▶ **WHAT TO PRODUCE**
Could you restate every entry word for word, minus the pictures?
MATERIAL FOR THE TASK section start
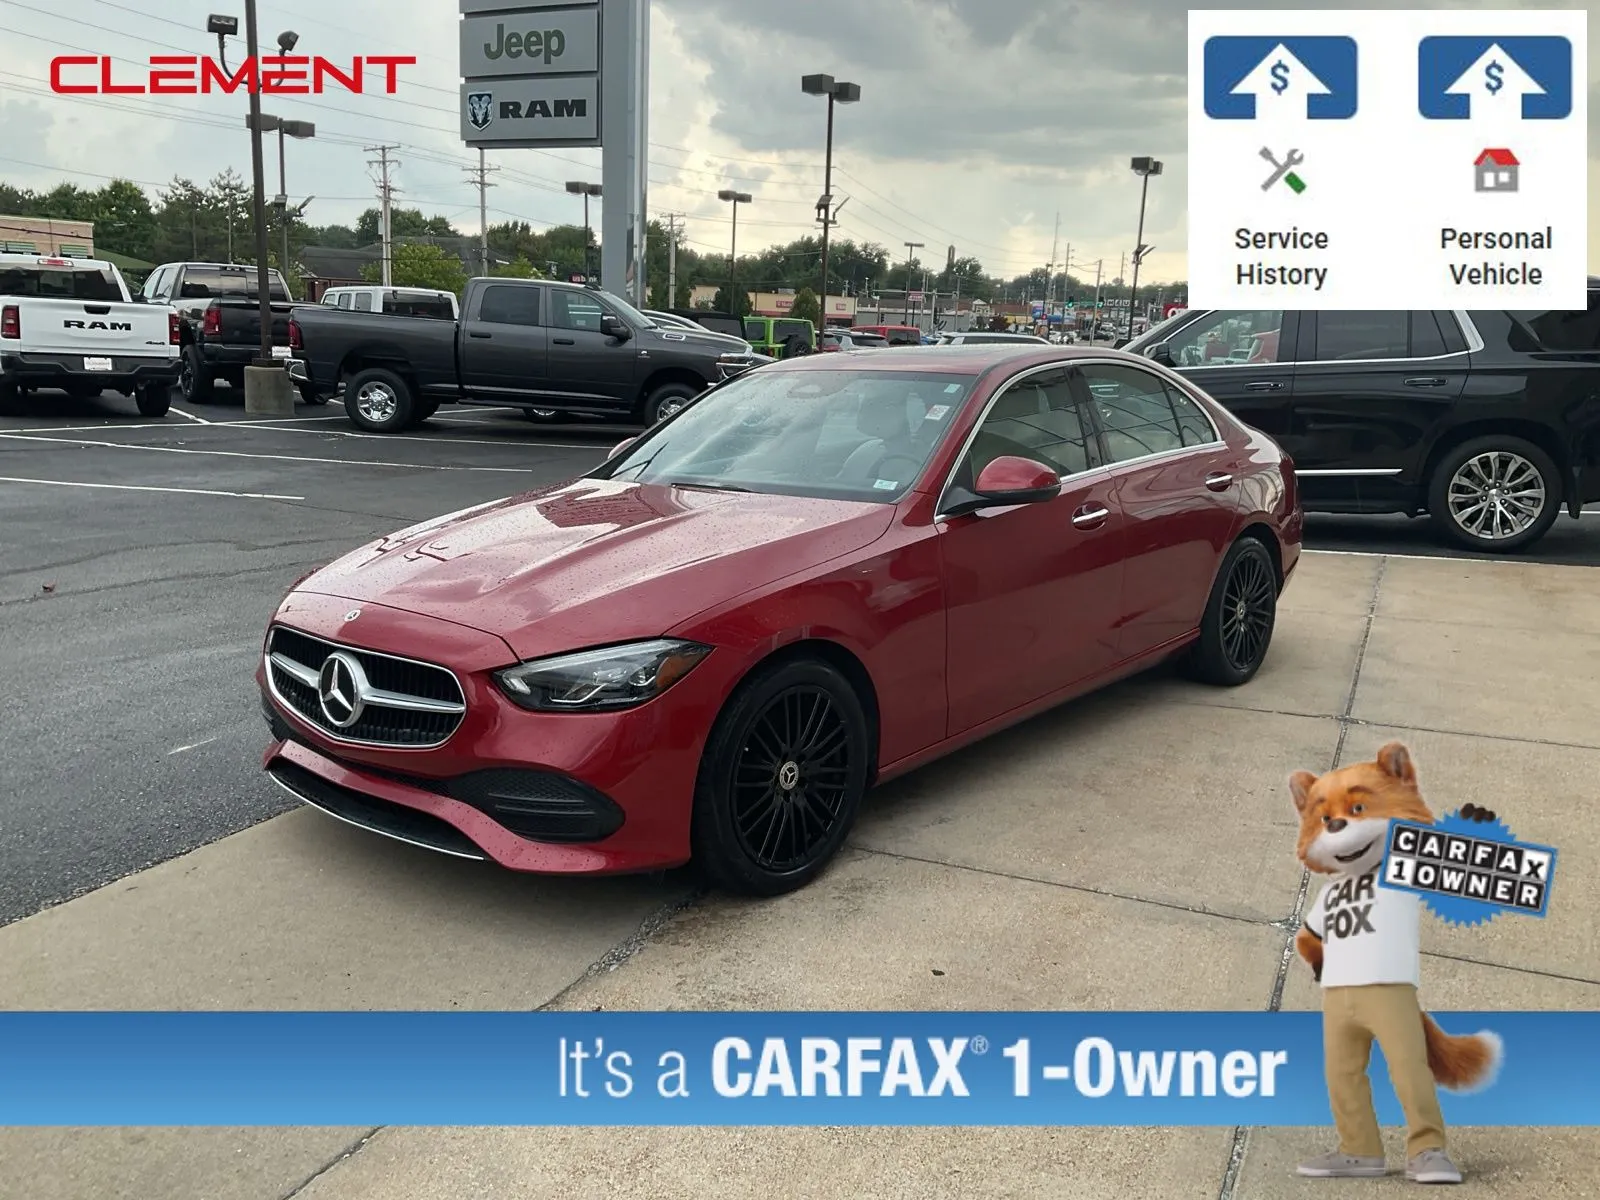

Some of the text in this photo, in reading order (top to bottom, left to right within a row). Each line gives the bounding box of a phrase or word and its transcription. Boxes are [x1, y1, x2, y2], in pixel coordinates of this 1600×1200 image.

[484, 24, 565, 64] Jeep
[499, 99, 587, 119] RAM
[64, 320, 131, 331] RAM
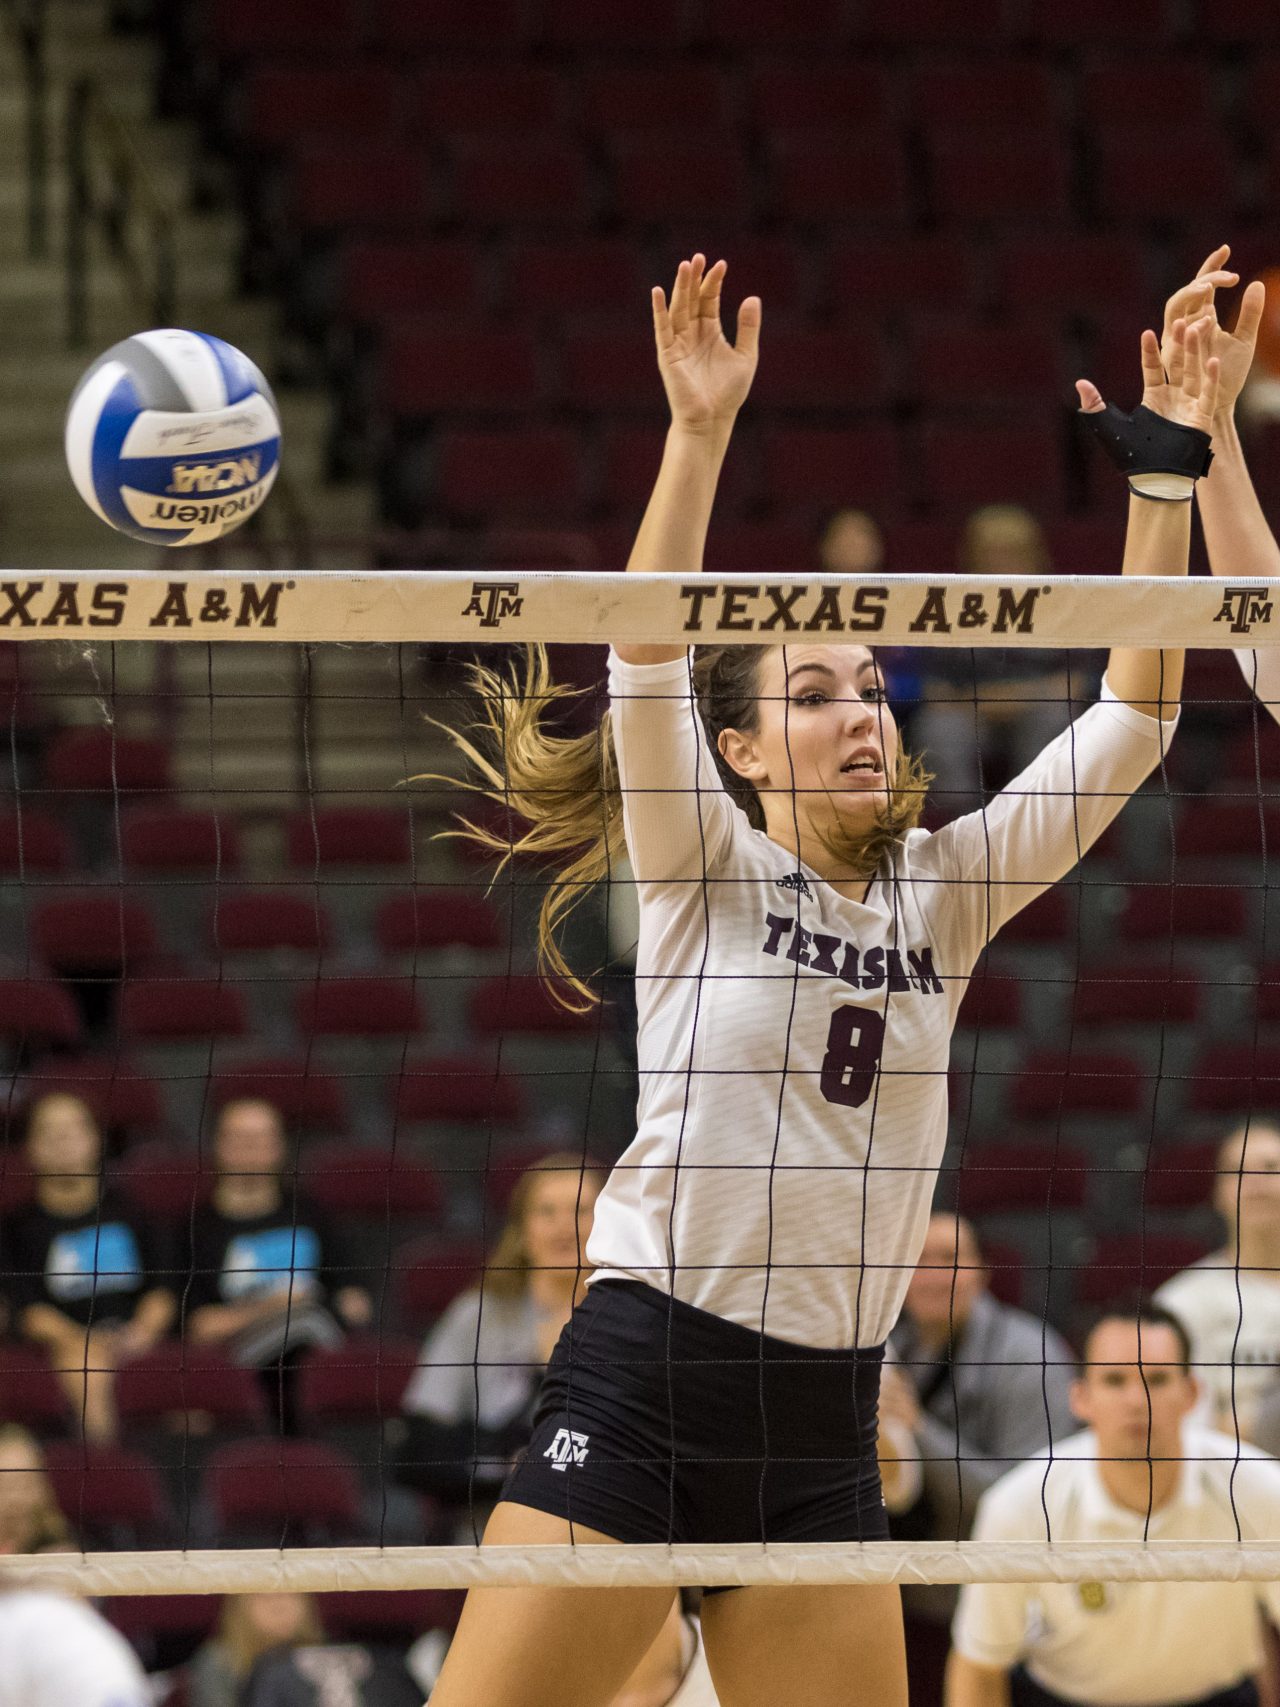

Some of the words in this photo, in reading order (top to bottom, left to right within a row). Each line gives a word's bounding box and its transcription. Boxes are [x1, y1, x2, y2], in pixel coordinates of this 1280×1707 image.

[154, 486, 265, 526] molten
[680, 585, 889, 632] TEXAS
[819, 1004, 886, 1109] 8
MATERIAL FOR THE TASK section end
▶ **RESPONSE**
Some of the text in this photo, in reading order (top to bottom, left to right within a row). Each line gives the bounding box of a phrase or word and its transcription. Boxes are [x1, y1, x2, y2], in pixel coordinates of this 1600×1200 image.

[484, 24, 565, 64] Jeep
[499, 99, 587, 119] RAM
[64, 320, 131, 331] RAM

Some of the words in this photo, in reading order (top to bottom, left to right within a row). Each line gives a word's bounding box and its transcription. Boxes are [x1, y1, x2, y2], in pixel coordinates of this 1280×1707 image.

[154, 486, 265, 526] molten
[680, 585, 889, 632] TEXAS
[819, 1004, 886, 1109] 8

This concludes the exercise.